Today I thankfully saw it coming before it happened. I even, for a moment, thought of being one of those mom's sauntering on into my sons class with a cup of hot coffee in my hand. But, I know better. Yesterday went well so I was on my guard.
As I pulled up and parked I heard the change in my sons voice as he said, "I don't want to eat in there!" He was talking about the cafeteria. Before we left he had decided to get a hot lunch. Pulling in he saw all of the kids in front of school and anxiety hit like a fright train. I quickly got them out and went as fast as I could, while I gently squeezed his hand. He was mumbling undiscernible words as we got closer. Then about ten feet from the door he dropped, dead weight. I quickened my steps pulling him as I went. I tossed my keys and his backpack on the ground so that I grab the door handle and got him inside where my back up was.
When he is feeling this way the only thing that helps is time and a firm rocking motion. Gently, but firmly holding him and rocking him seems to reset his brain. I once heard that firm hugs release dopamine and oxytocin in your brain. If I am able to catch it soon enough then the result is almost instant. My husband and I have talked countless times about medication for his anxiety . I think at this point we want to continue to try and help him work on controlling it on his own.
Today as we were inside and I knew that he was safe from the parking lot and the road. I dropped to the ground gently rocking him and talking to him. He began to relax and calm down. I told him that I will bring him lunch and that it would be ok. He calmed enough to get up and interact with the teacher. Then he changed his mind and tried to run again. My hand was already still on him so, he only got an inch. The aid that he loved is learning how to work with him during his high anxiety times and she is learning from the best. In the past I have watched his teacher with him. she gently holds him and tells him that she can't let him go because she wants to keep him safe.

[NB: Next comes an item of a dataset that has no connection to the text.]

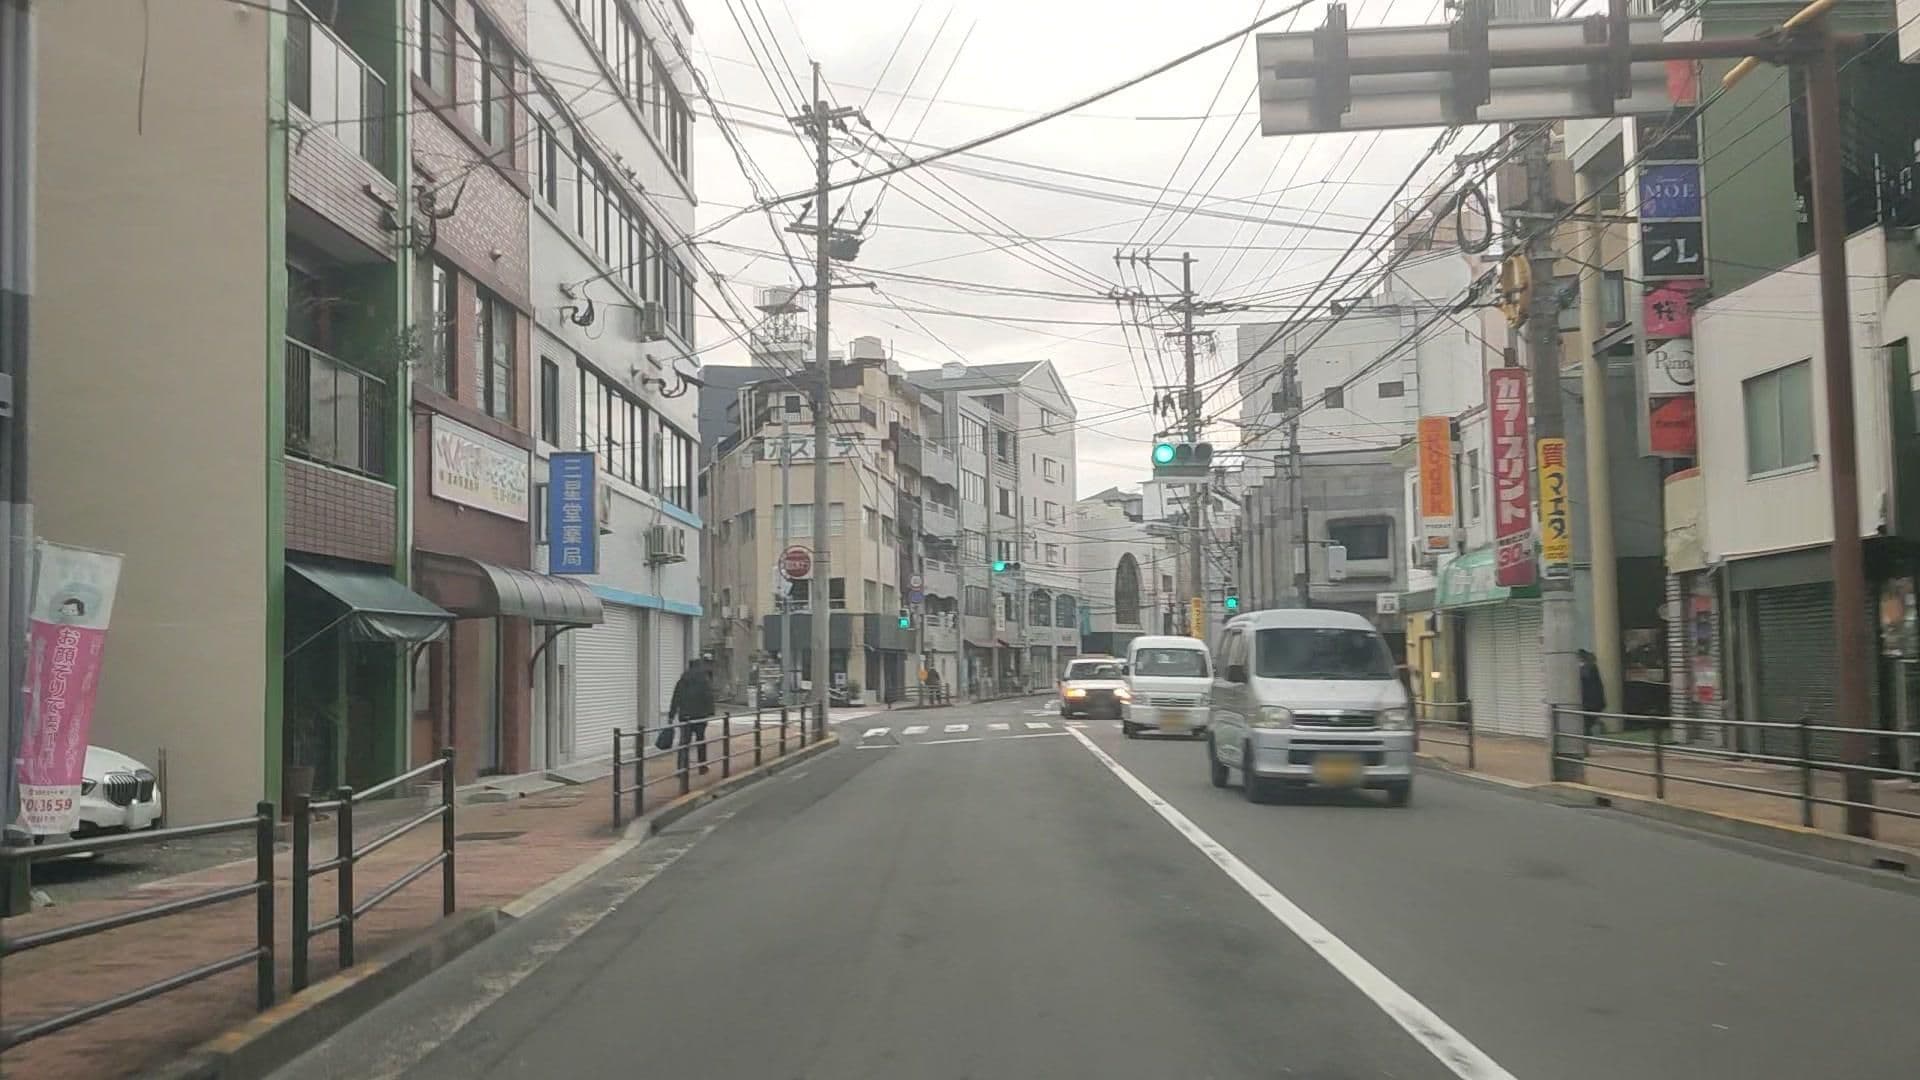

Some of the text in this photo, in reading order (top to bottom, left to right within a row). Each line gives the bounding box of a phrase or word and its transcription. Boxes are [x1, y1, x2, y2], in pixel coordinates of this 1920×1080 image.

[560, 458, 583, 566] 三星堂薬局
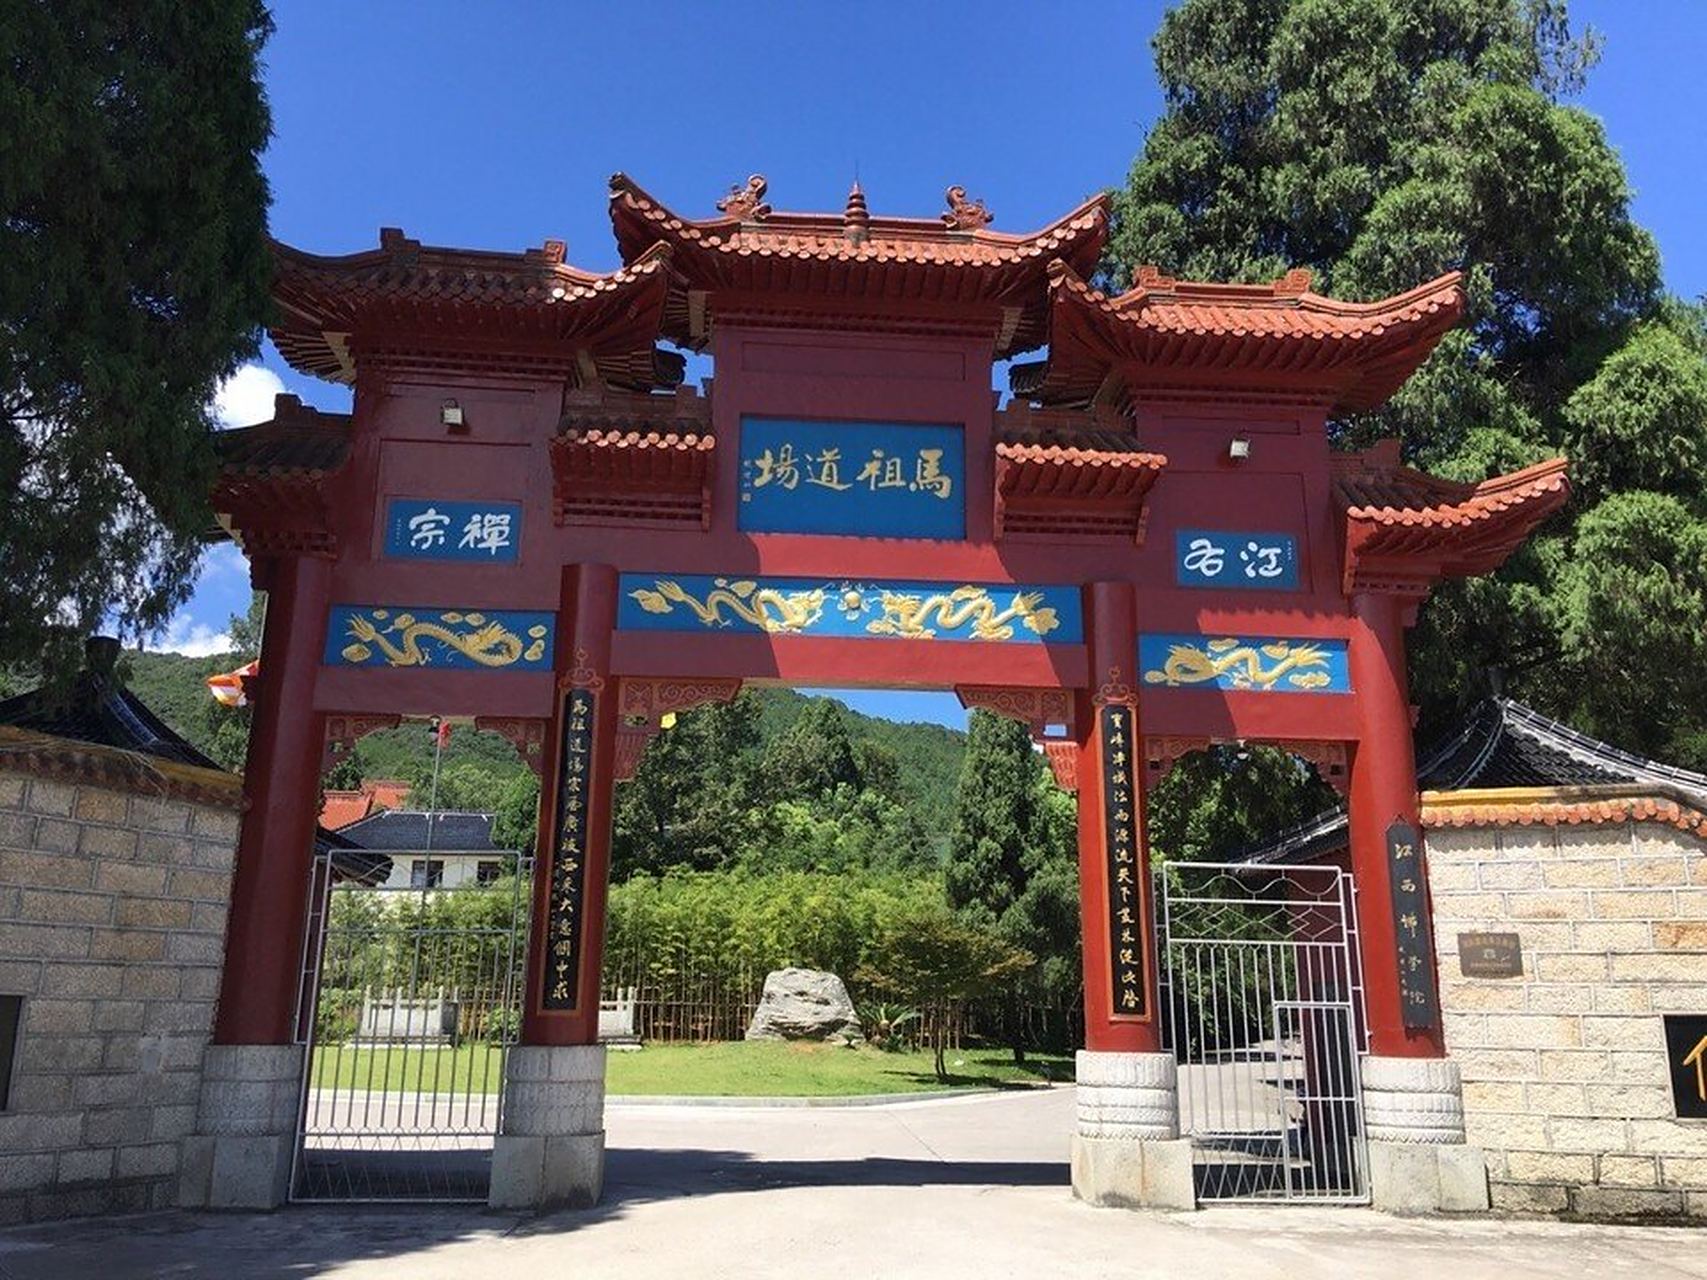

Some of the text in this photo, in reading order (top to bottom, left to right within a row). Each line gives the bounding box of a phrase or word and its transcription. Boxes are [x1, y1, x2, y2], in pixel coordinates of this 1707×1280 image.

I can say without one ounce of doubt, that I hate the fear that I have, as his mom,knowing that there could be a day that he gets away. When he is in that fight or flight frame of mind he can't think or reason. I pray every day for his safety. Every time I hear of yet another child, teen or adult who has wandered and died my heart breaks just a little bit more. I know that it could be my son.
The last I checked he was doing good. I did bring him a lunch and left it in the office. I know that when I pick him up this afternoon he will be happy and probably not want to leave. But, there is tomorrow that I have to worry about. So, in the morning I will ware my running shoes instead of flip flops just in case. My coffee? Yeah that will stay in my car.